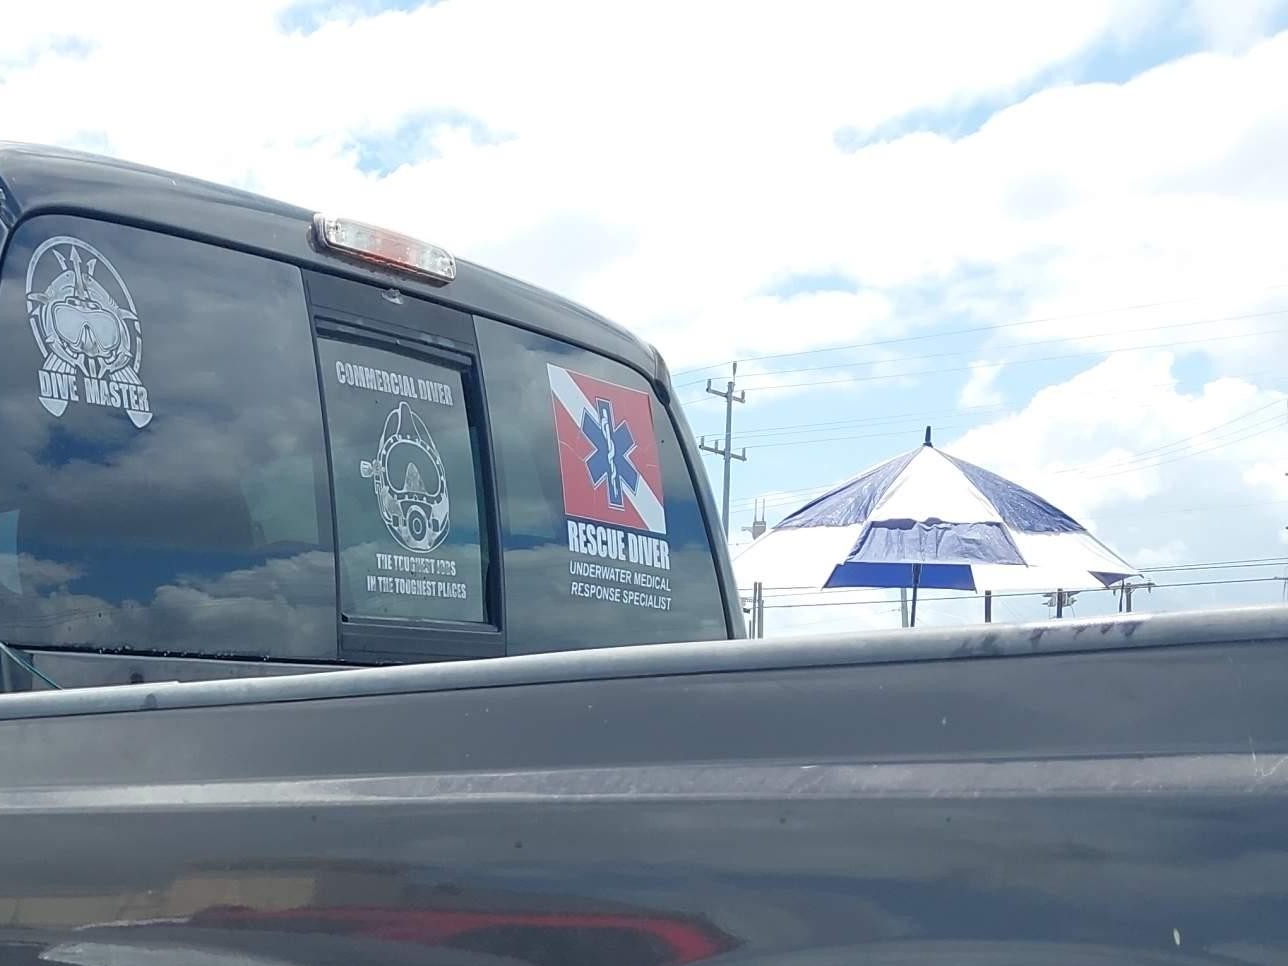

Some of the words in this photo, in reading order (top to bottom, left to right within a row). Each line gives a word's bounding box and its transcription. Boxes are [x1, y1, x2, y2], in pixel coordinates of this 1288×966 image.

[38, 370, 79, 400] DIVE
[84, 377, 150, 411] MASTER
[335, 361, 417, 399] COMMERCIAL
[417, 379, 454, 406] DIVER
[567, 520, 626, 561] RESCUE
[628, 534, 670, 570] DIVER
[376, 553, 393, 570] THE
[393, 555, 435, 574] TOUGHEST
[569, 560, 632, 583] UNDERWATER
[633, 570, 671, 591] MEDICAL
[367, 575, 377, 592] IN
[377, 576, 394, 593] THE
[394, 577, 437, 597] TOUGHEST
[437, 581, 467, 599] PLACES
[570, 582, 621, 602] RESPONSE
[622, 589, 672, 611] SPECIALIST

● ● ●

Set down all of the material word for word, but keep each picture out.

Some of the words in this photo, in reading order (top to bottom, left to right within a row). Each line gives a word's bounding box and its transcription. Boxes are [x1, y1, x2, y2], in pixel coordinates of this 1288×966 image.

[38, 370, 79, 400] DIVE
[84, 377, 150, 411] MASTER
[335, 361, 417, 399] COMMERCIAL
[417, 379, 454, 406] DIVER
[567, 520, 626, 561] RESCUE
[628, 534, 670, 570] DIVER
[376, 553, 393, 570] THE
[393, 555, 435, 574] TOUGHEST
[569, 560, 632, 583] UNDERWATER
[633, 570, 671, 591] MEDICAL
[367, 575, 377, 592] IN
[377, 576, 394, 593] THE
[394, 577, 437, 597] TOUGHEST
[437, 581, 467, 599] PLACES
[570, 582, 621, 602] RESPONSE
[622, 589, 672, 611] SPECIALIST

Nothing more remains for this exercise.